Bitcoin Mempool Returns to Normal After Ordinals Rush
The Bitcoin Ordinal craze that took over the network last week seems to have lost momentum. As a result, the Mempool returns to normal levels.
Ordinals flooded the Bitcoin network last week as the latest crypto mania took off. Valentine’s Day saw peak activity with the hundred thousandth order inscribed.
Ordinal inscriptions are digital assets similar to non-fungible tokens (NFT). They can be entered in a Satoshi, the smallest denomination of a Bitcoin.
Writing writes the data to the content stored in the witness of the Bitcoin transaction. The witness was introduced in the SegWit upgrade in 2017.
In theory, Bitcoin blocks should be a maximum of 1MB per block. However, SegWit and Taproot have enabled Ordinal users to add 3MB of data to each block.
Bitcoin Mempool Levels Stabilize
Furthermore, on February 16, industry researchers observed the on-chain effect of Ordinal mania.
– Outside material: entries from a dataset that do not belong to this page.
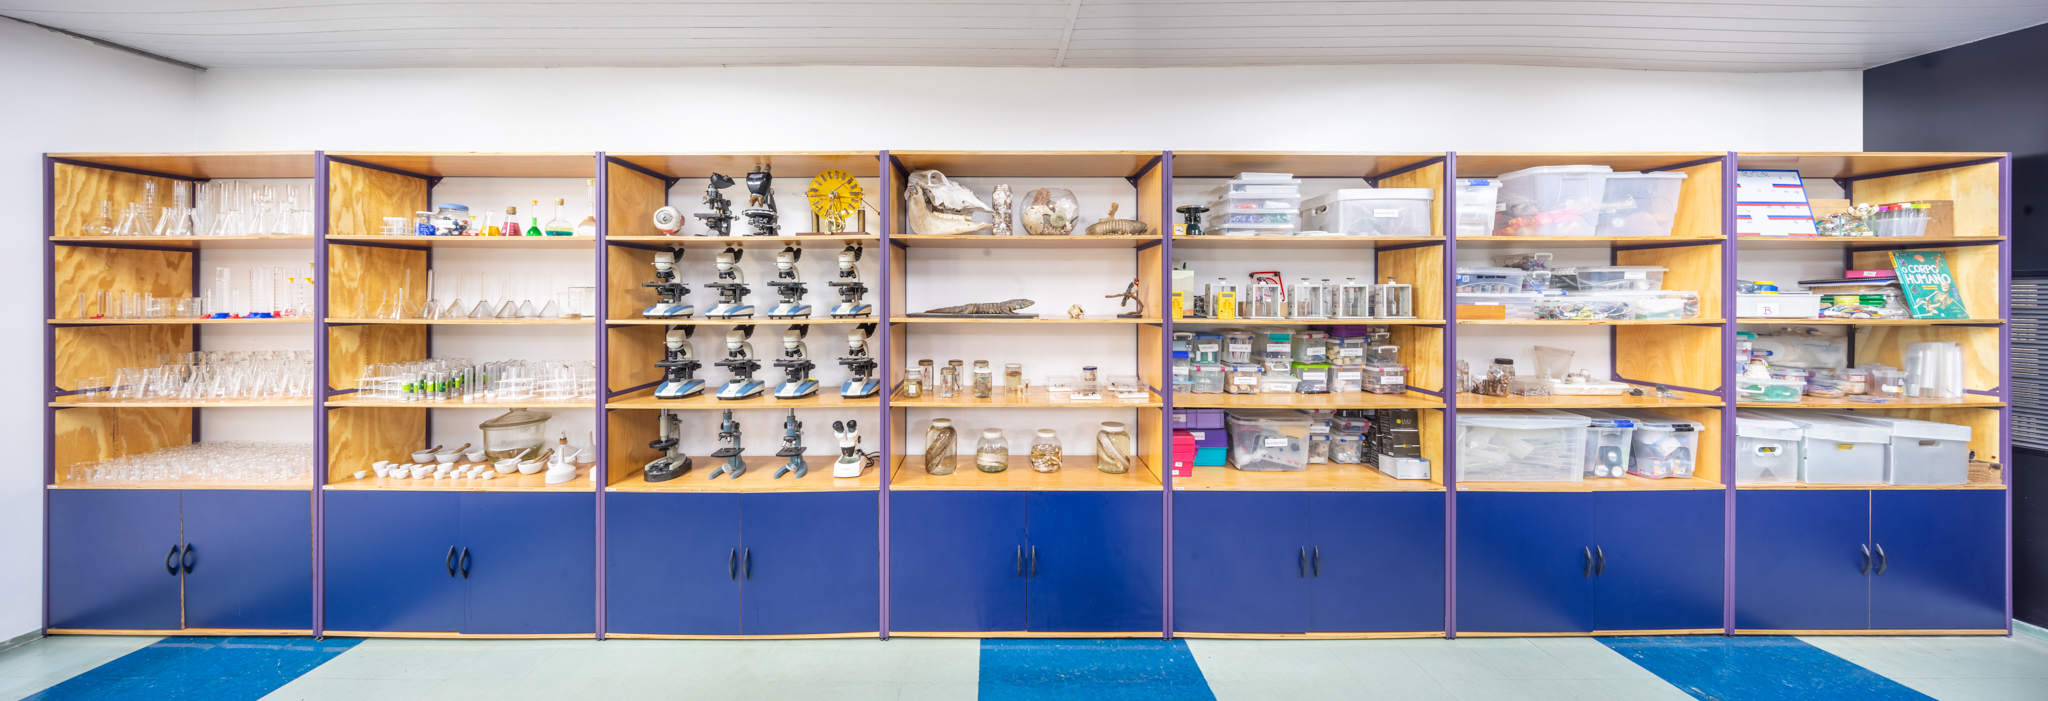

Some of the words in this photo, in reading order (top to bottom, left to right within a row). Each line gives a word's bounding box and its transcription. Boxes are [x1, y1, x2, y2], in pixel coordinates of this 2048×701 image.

[1901, 266, 1908, 274] O
[1908, 264, 1939, 274] CORPO
[1904, 273, 1951, 285] HUMANO
[1762, 306, 1773, 315] B
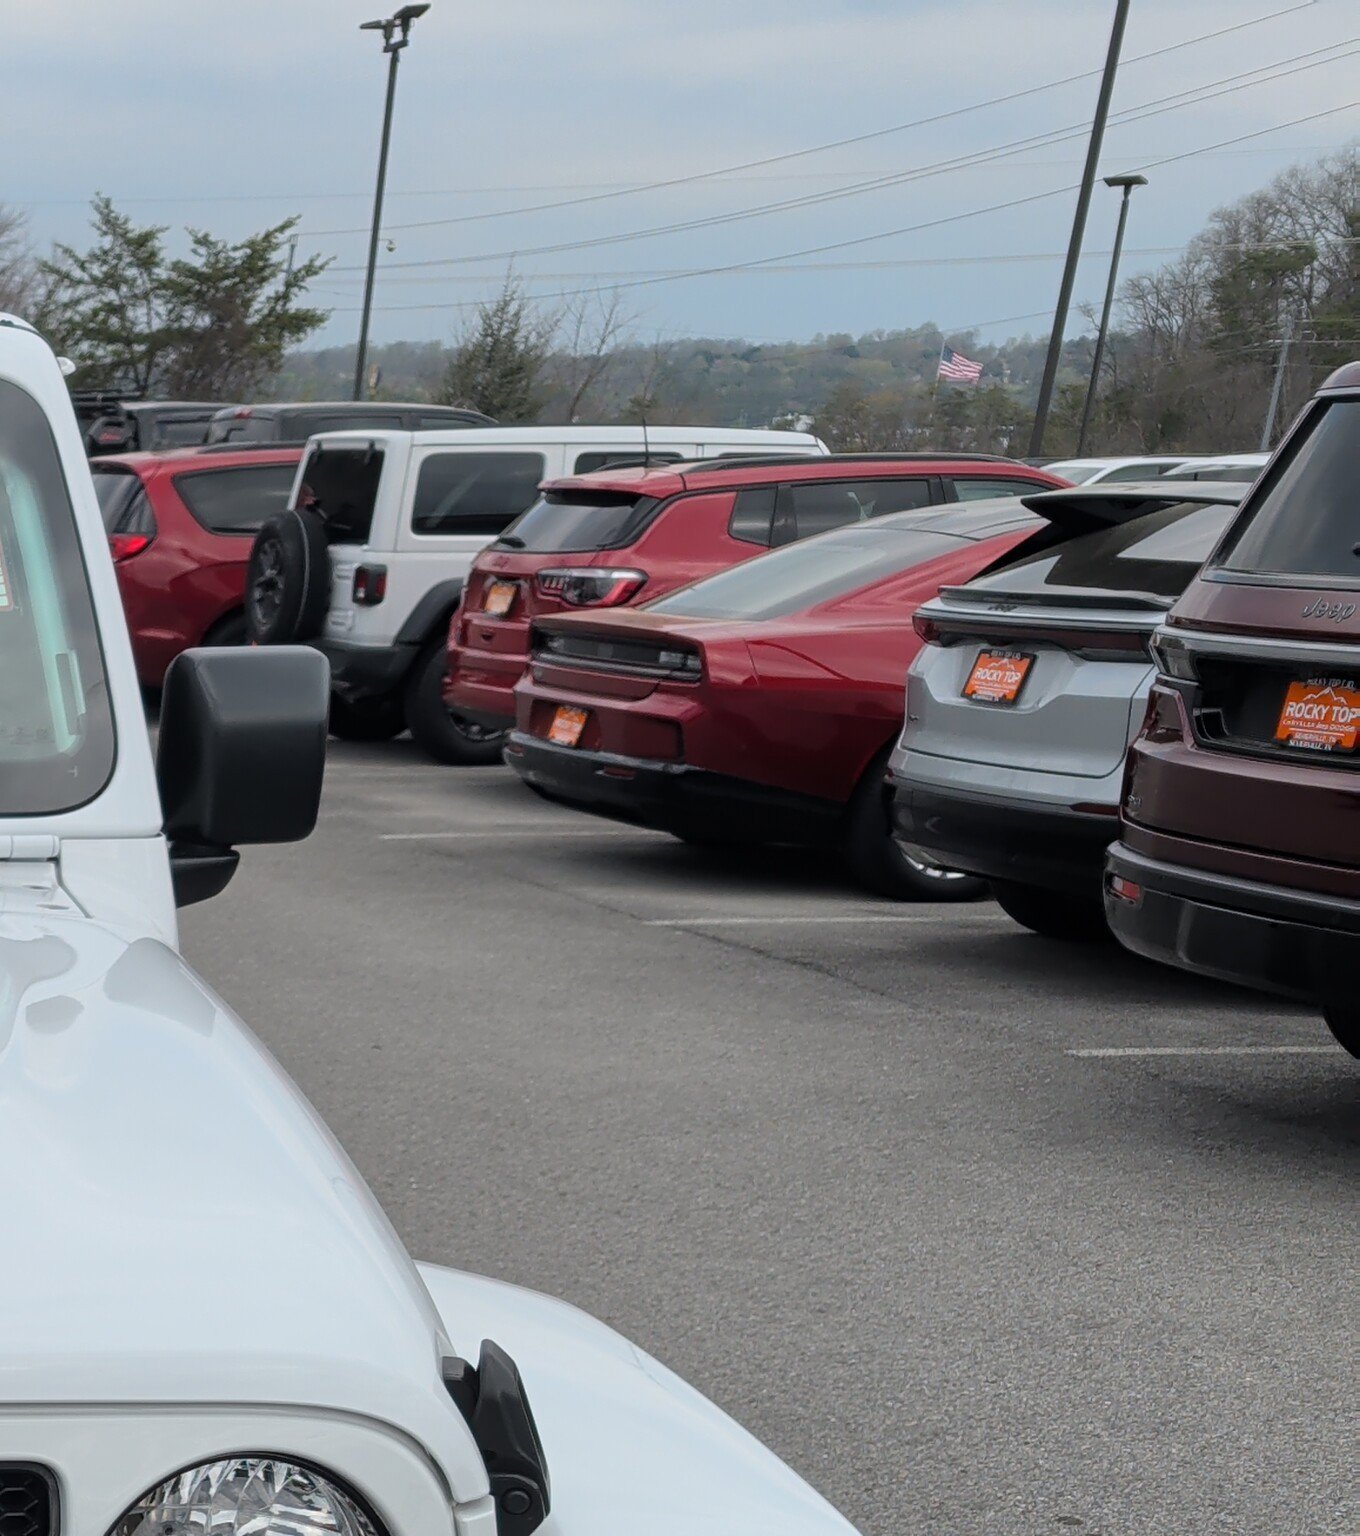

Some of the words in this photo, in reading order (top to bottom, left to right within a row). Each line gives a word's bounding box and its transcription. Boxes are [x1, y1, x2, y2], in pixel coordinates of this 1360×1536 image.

[1301, 597, 1357, 624] Jeep
[975, 668, 1002, 682] ROCKY
[1004, 671, 1022, 683] TOP
[1285, 701, 1331, 721] ROCKY
[1331, 705, 1360, 723] TOP
“Inscription fee rates, average block size and taproot utilization are exploding, while the mempool (transaction queue) is starting to fill for the first time in months.”
By Monday, February 20, things seemed to have cooled down as Mempool levels stabilized again.
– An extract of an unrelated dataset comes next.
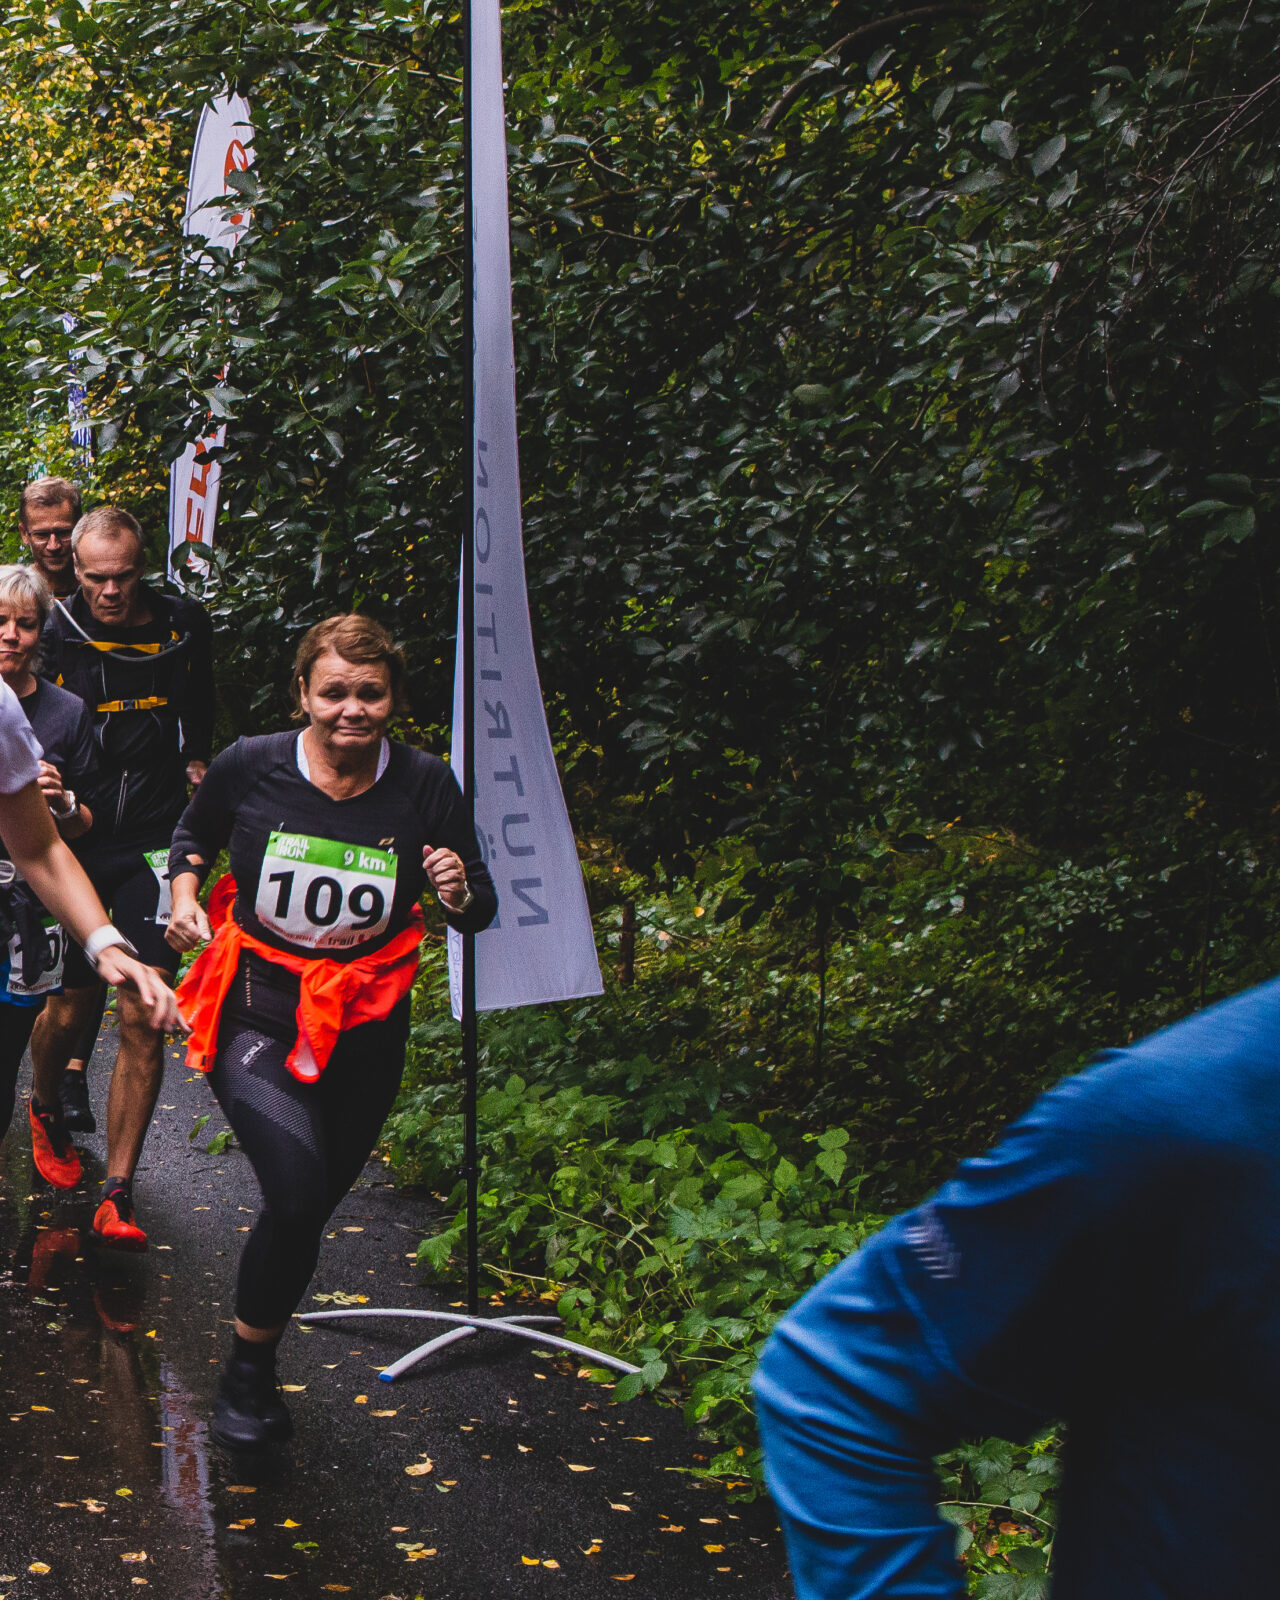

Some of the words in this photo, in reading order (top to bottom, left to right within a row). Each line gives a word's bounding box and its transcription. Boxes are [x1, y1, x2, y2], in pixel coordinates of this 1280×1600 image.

The mempool is essentially Bitcoin’s “waiting area” for transactions that each full node maintains for itself. Once a node has confirmed a transaction, it waits inside the Mempool until it is picked up by a miner and inserted into a block.
When the Mempool starts filling up like last week, nodes start prioritizing transactions by setting a minimum transaction fee threshold. Only transactions with a large enough fee are allowed access to the Mempool, so this mechanism effectively cuts out transaction spam.
Furthermore, the reduction in Mempool levels suggests that Ordinal inscriptions may have been only a phase. They were made possible by the Taproot upgrade launched on the Bitcoin network in November 2021.
Ordinary inscriptions undulating
However, Delphi Digital reported on February 19 that more than 140,000 Ordinals have been entered in the past month. It went on to explain:
“Users enter data into these specific stakes, which arguably fundamentally changes Bitcoin’s fungibility. Ordinals can have wild consequences for set providence and the entire chain.”
It added that fees are rising and blocks are getting bigger, “which increases Bitcoin’s security budget and profitability for miners.”
The researchers noted that regular inscriptions began on December 17, 2022, but users wrote just over a dozen until January 21, 2023. “Since then, we’ve seen the market go parabolic,” it said.